Sr. SRE Platform Software Engineer
Bitdeer Technologies Group
About Bitdeer Technologies Group
Bitdeer is a world-leading technology company for AI and Bitcoin mining infrastructure.
Bitdeer is committed to providing comprehensive Bitcoin mining solutions for its customers and building AI computational infrastructure to support the AI revolution. Bitdeer handles complex processes involved in computing such as equipment procurement, transport logistics, data center design and construction, equipment management, and daily operations. Bitdeer also offers advanced cloud capabilities to customers with high demand for artificial intelligence.
Headquartered in Singapore, Bitdeer has deployed data centers across multiple countries, including the United States, Norway, Bhutan, and Ethiopia.
To learn more, visit (Position Overview
Build and operate one or more bounded contexts of the NeoCloud SRE platform — the multi-region substrate that observes, protects, and operates a GPU rental fleet across self-built and OEM-rented data centers. You take an architect-approved design and turn it into production code that ships through GitOps + the CICD release pipeline, ride the Plugin Framework conventions, meet declared SLOs, and stay drift-free.
This is the build + run role. You don't only ship code; you ship a service that other squads, cloud-service teams, and tenants depend on. You take the on-call pager for what you build.
Key Responsibilities
You will own 1-2 of these:
- Collection & Storage: collection-agent, customer-sdk-gateway, metrics-store, logs-store, traces-store, profiles-store, analytics-lake, enrichment-service, collection-monitor.
- Alert, Correlation & SLO: alert-engine-framework, alert-correlation, slo-framework, default M-series alert rules.
- Topology, Cluster-Health & Cluster Platform Services: topology-service, cluster-health-rollup, OSS-SRE-tool collection plugins for K8s, Slurm, Ray, Volcano, Kueue, and KubeRay.
- Fault-Prediction: prediction-engine-framework and built-in predictors (GPU, Link, Disk, XPA, Straggler, SDC, Stranded GPU).
- Remediation, Workflow, Inspection & Jobs: remediation-actuator, orchestration-substrate (workflow engine), inspection-orchestrator, job-scheduler, NCCL-baseline inspection probe.
- Hardware Lifecycle & DC Ops: hardware-lifecycle, dc-operations, boot-provisioning, rolling-upgrade, bare-metal-bmc-service, auto-discovery, ZTP D0–D5 pipeline, IPMI bare-metal management.
- Identity, Secrets, Tenant-Config & CMDB: iam-service, secrets-service, tenant-sre-config, cmdb-cache, schema registry.
- Customer-Bridge, Ticketing & SRE Platform Portal: customer-bridge, customer-ticketing, sre-operation-system, Customer Console BFF, SRE Console BFF.
- Backup, DR & Meta-Monitor: backup-orchestrator, meta-monitor, external-watcher integration (Datadog or equivalent).
- CI/CD, GitOps, Plugin Framework & SRE Image Registry: cicd-pipeline, gitops-sync, plugin-registry, sre-image-registry.
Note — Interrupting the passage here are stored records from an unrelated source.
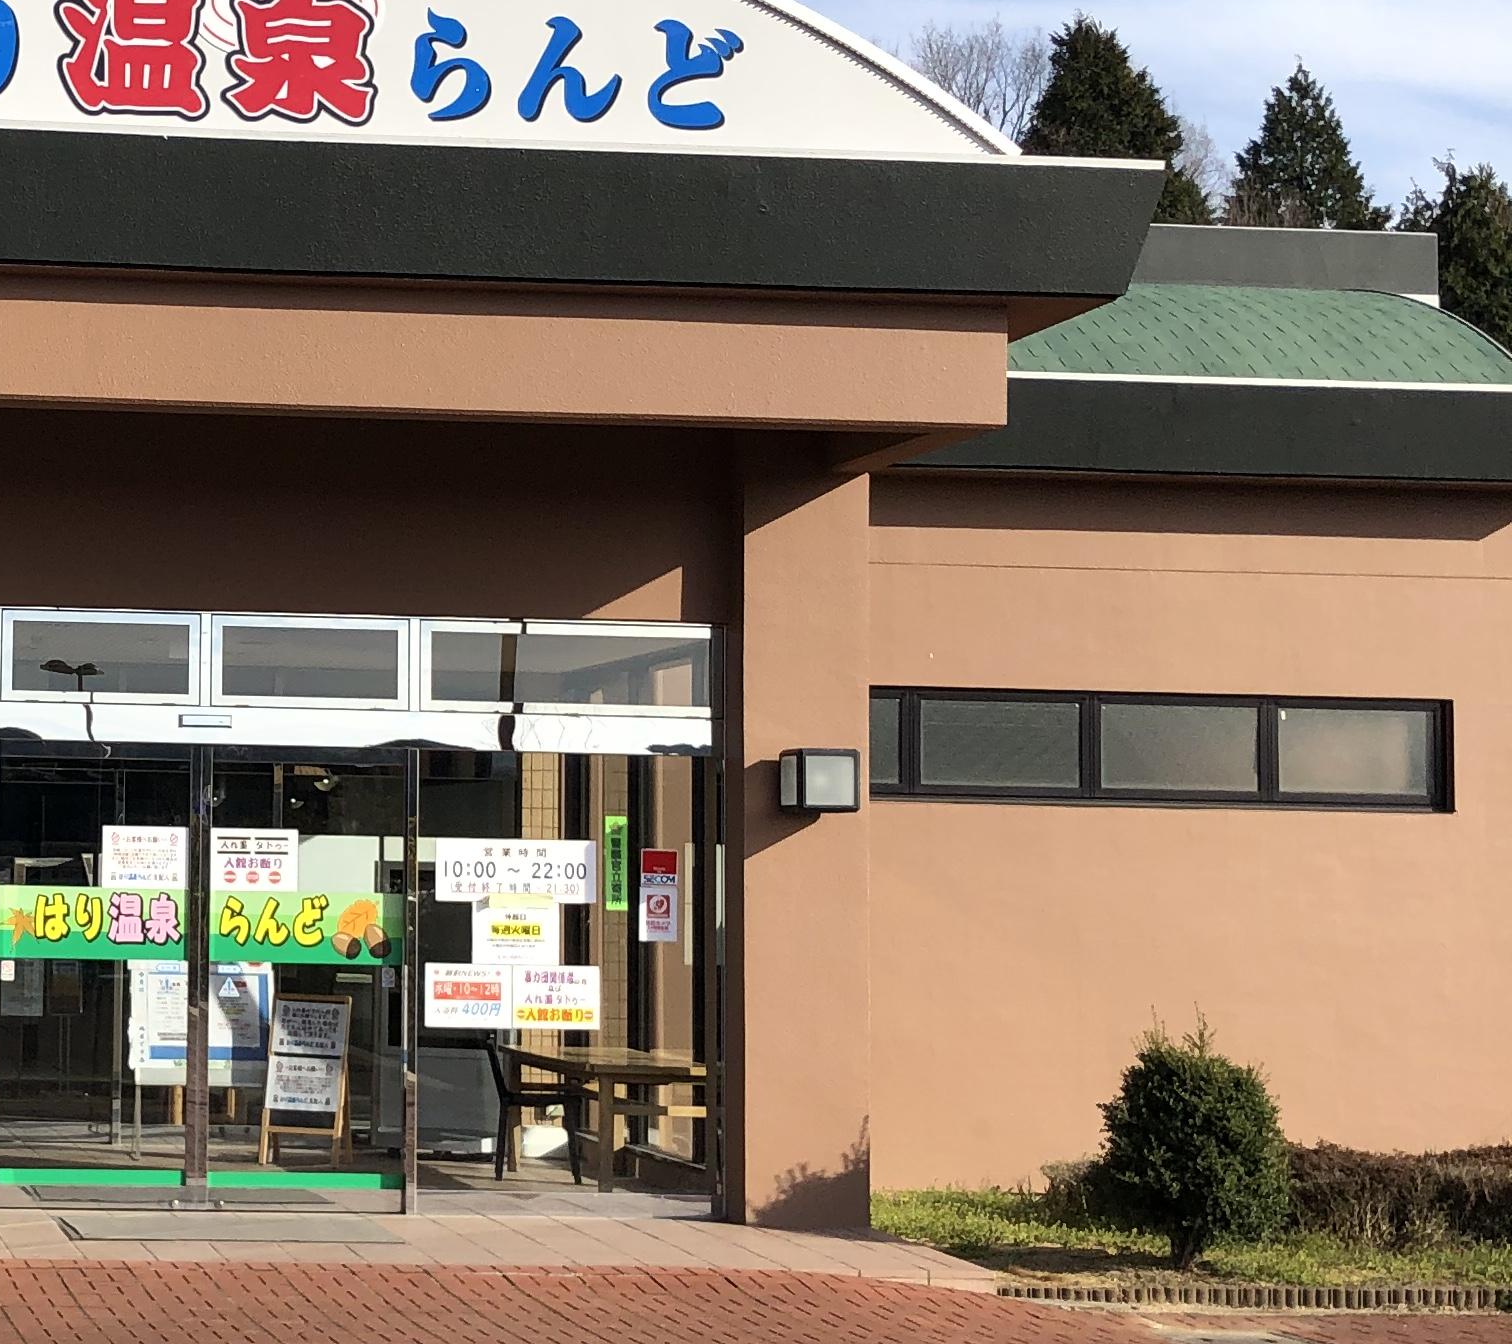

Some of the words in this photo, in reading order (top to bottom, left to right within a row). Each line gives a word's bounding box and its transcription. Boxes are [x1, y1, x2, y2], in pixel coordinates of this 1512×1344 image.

[483, 847, 547, 857] 営業時間
[224, 857, 282, 869] 入館お断り
[444, 860, 496, 878] 10:00
[531, 862, 587, 880] 22:00
[643, 874, 676, 884] SECOM
[35, 892, 182, 946] はり温泉
[219, 894, 330, 948] らんど
[491, 924, 541, 935] 毎週火曜日
[462, 1002, 502, 1016] 400円
[525, 1008, 584, 1022] 入館お断り
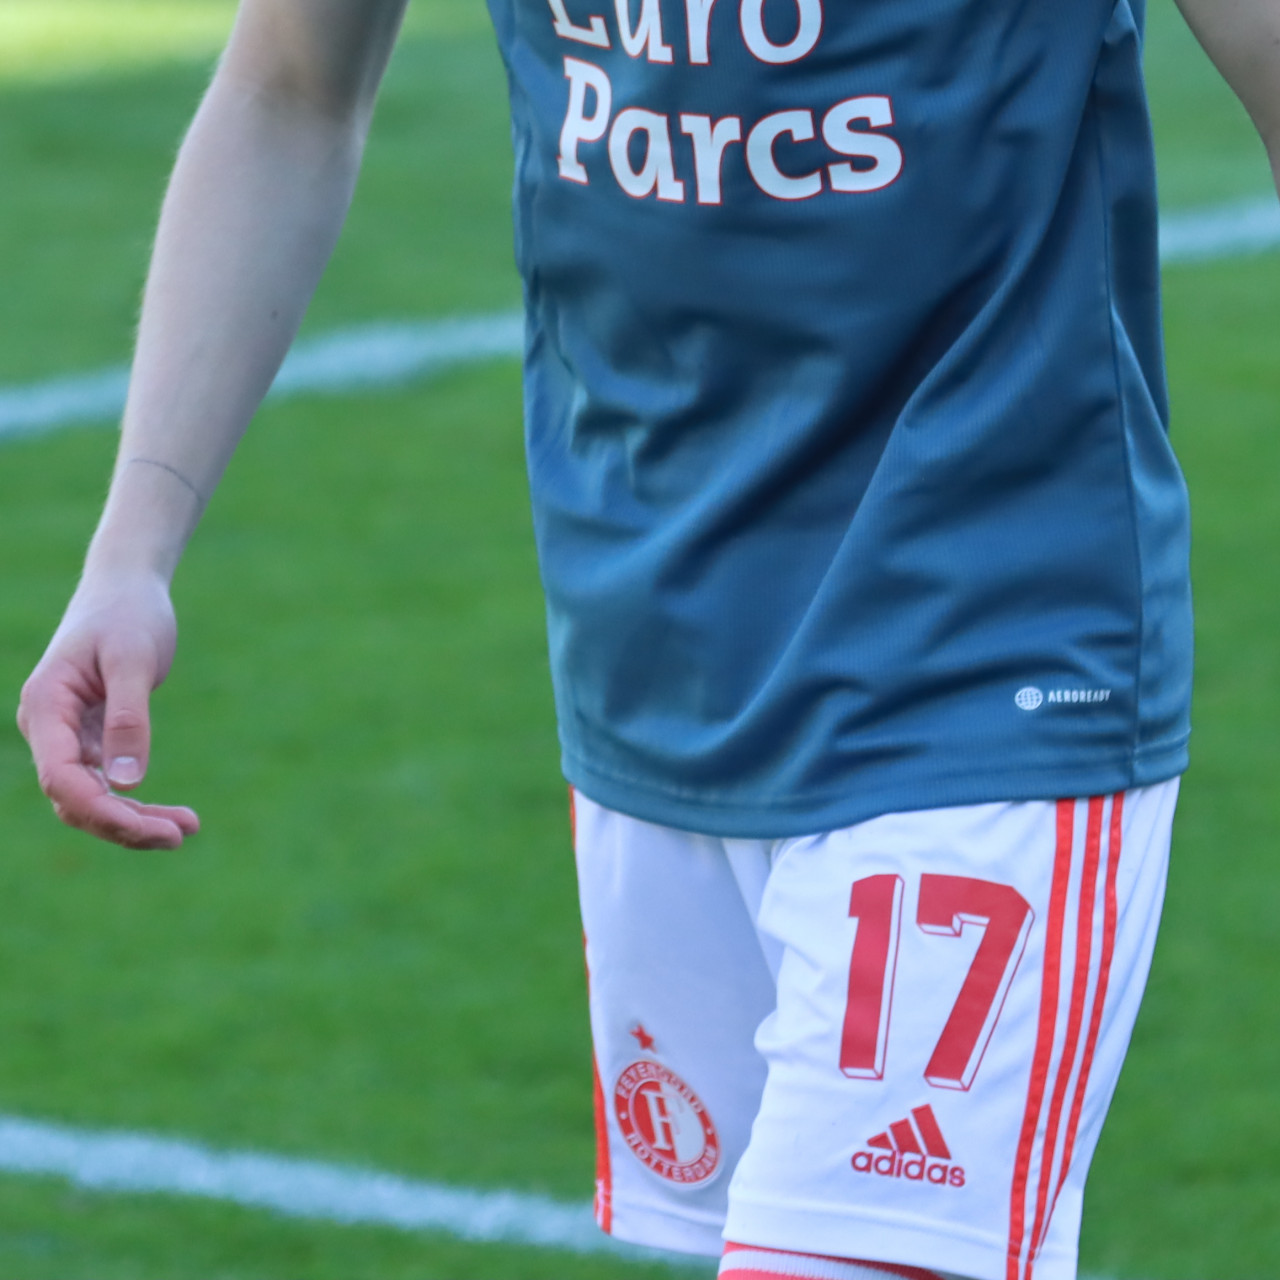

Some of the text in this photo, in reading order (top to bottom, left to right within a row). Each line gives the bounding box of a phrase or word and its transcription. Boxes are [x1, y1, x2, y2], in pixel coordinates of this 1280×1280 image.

[556, 55, 905, 206] Parcs
[838, 871, 1037, 1093] 17
[850, 1149, 966, 1188] adidas
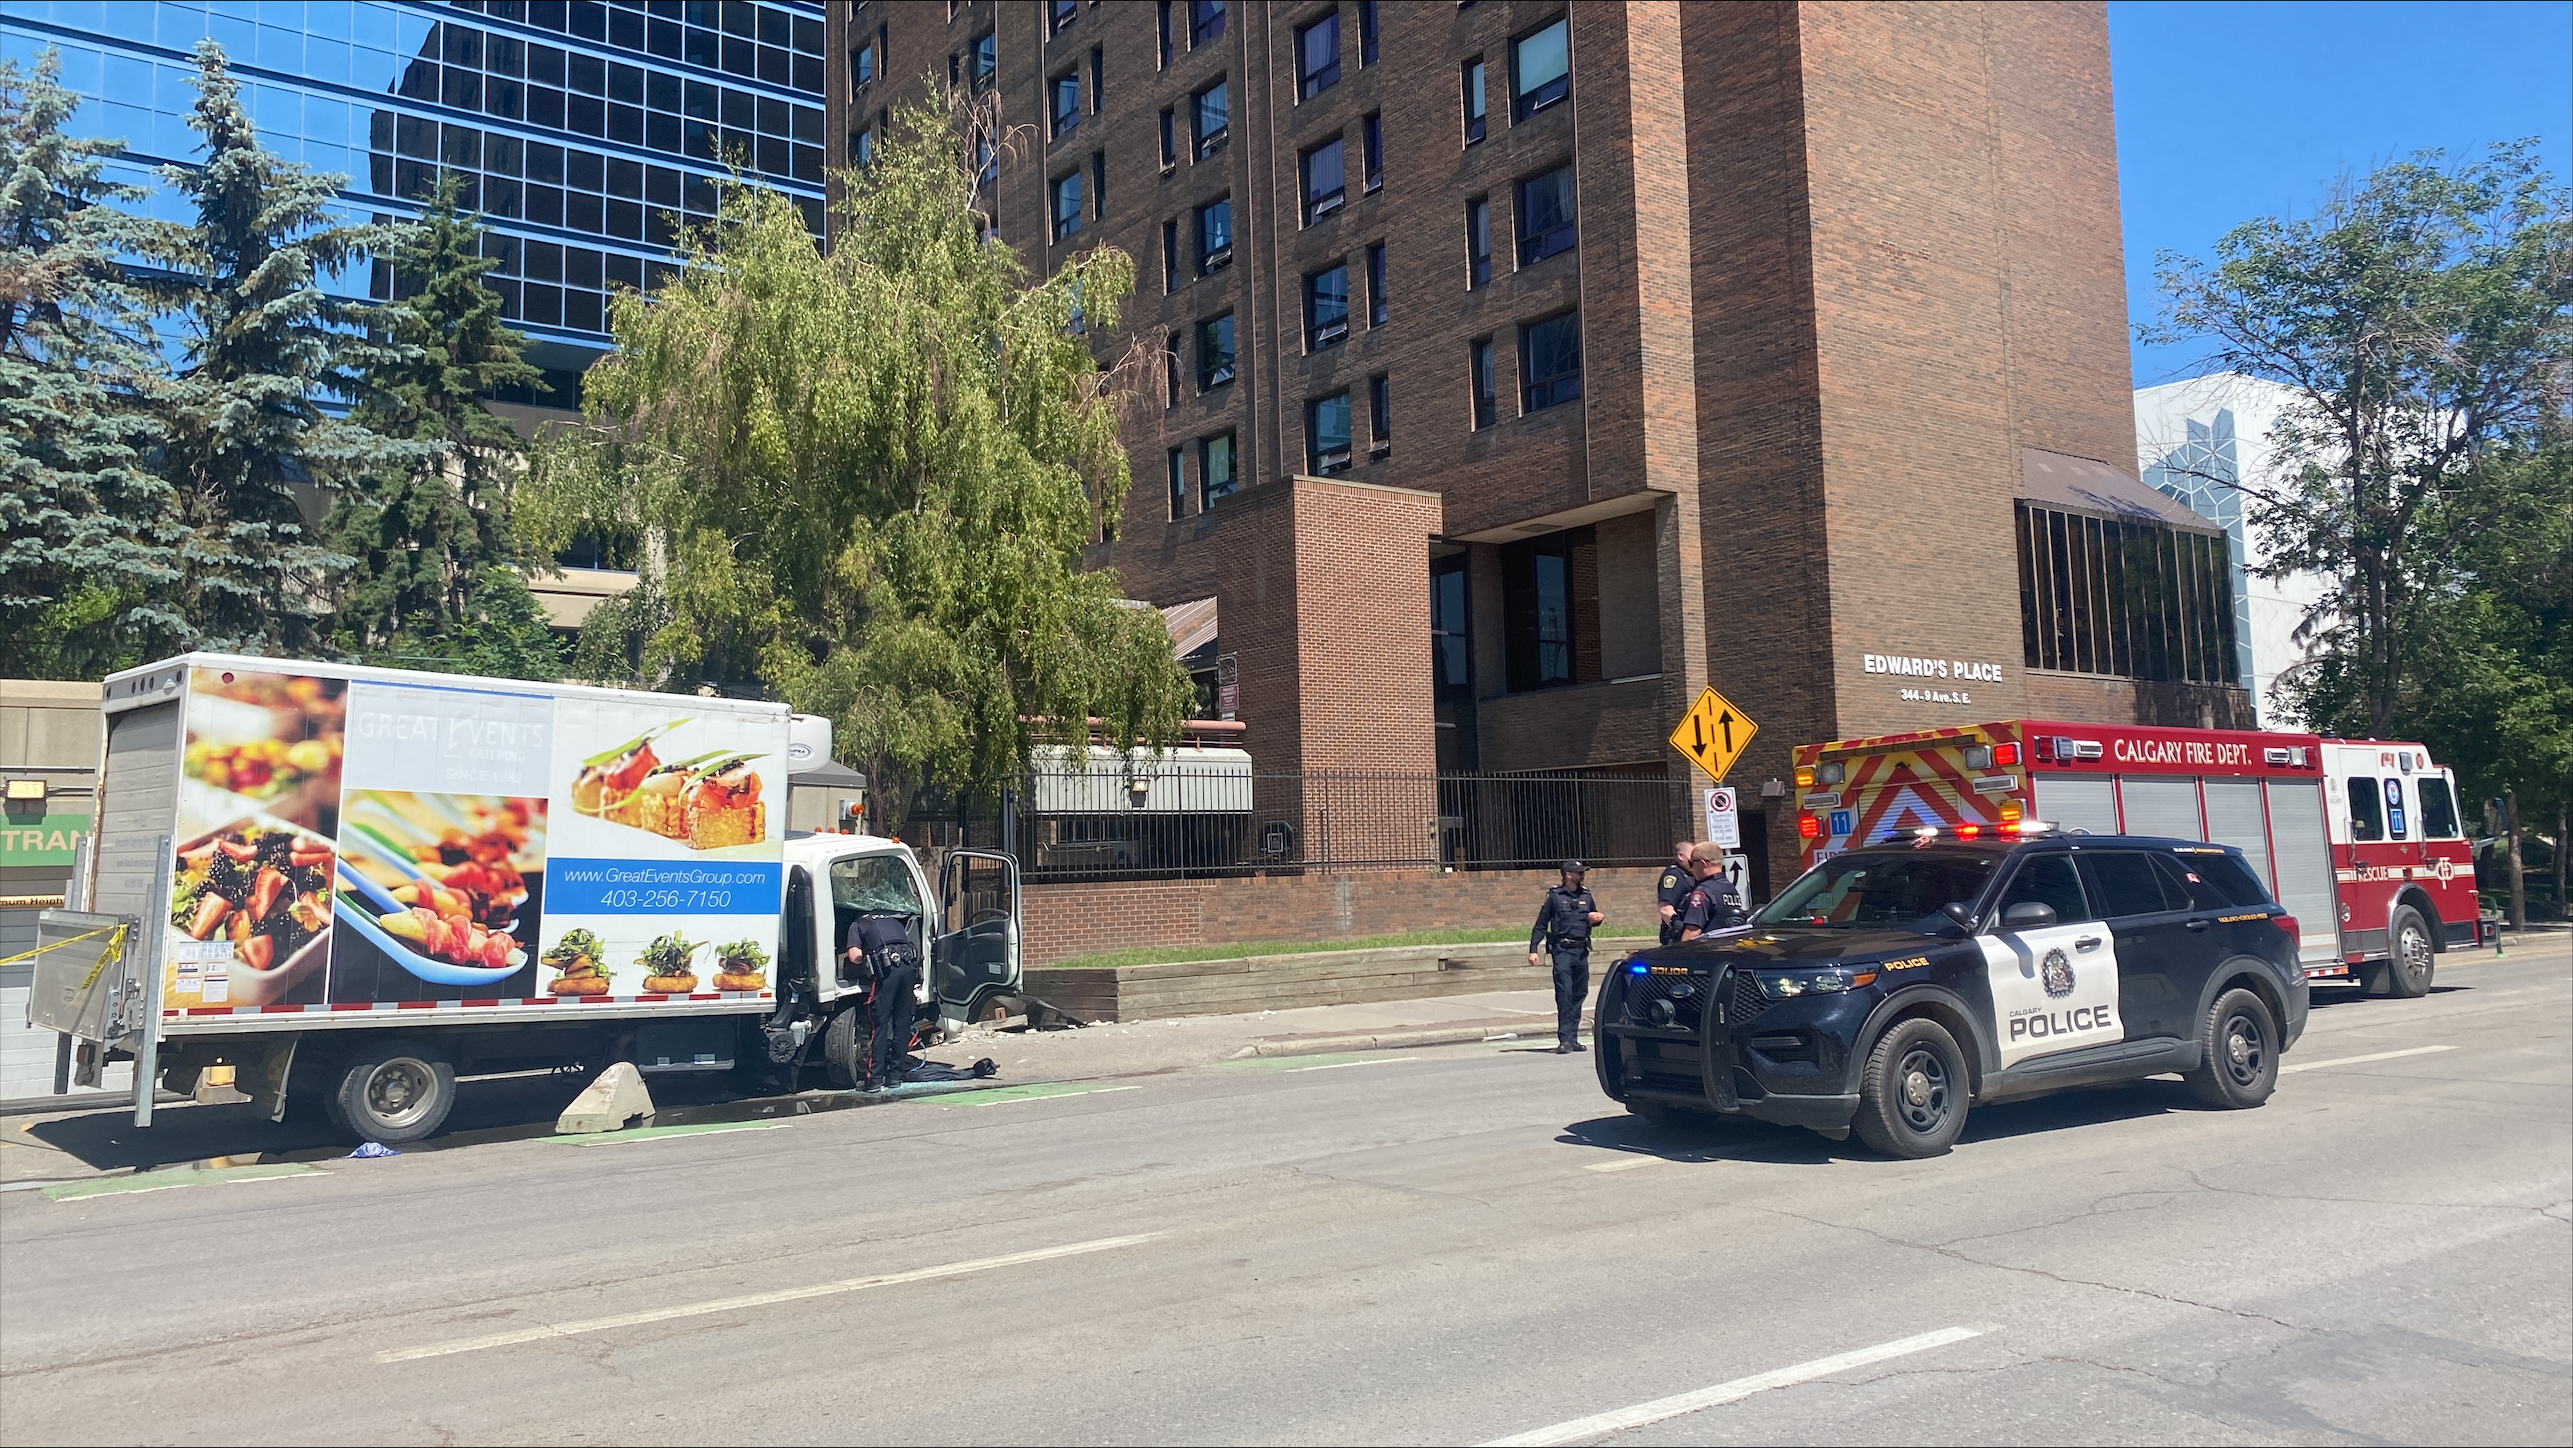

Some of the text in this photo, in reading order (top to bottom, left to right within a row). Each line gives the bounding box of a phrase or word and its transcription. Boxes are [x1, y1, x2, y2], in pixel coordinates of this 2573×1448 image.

[1864, 654, 2003, 682] EDWARD'S PLACE
[358, 712, 441, 742] GREAT
[469, 749, 525, 762] CATERING
[2114, 739, 2253, 766] CALGARY FIRE DEPT.
[445, 768, 523, 784] SINCE 1982
[1834, 814, 1848, 832] 11
[2393, 811, 2403, 830] 11
[564, 867, 766, 887] www.GreatEventsGroup.com
[601, 889, 732, 908] 403-256-7150
[1884, 957, 1930, 971] POLICE
[2009, 1007, 2042, 1018] CALGARY
[2010, 1005, 2112, 1042] POLICE
- Self-Improving Agent: agent-control-plane, agent-discovery, agent-codegen, agent-sandbox, per-Region LLM gateway.
- Global SRE Management: maintenance-window-orchestrator, change-management, capacity-planner, cost-optimizer, gpu-efficiency-dashboard, network-stability-dashboard, patching-orchestrator, artifact-management, compat-matrix-service, security-platform.
Qualifications
- Software Engineering Experience: 7+ years of production software engineering experience, including 2 or more years operating what you built (real on-call experience, not just shipping code).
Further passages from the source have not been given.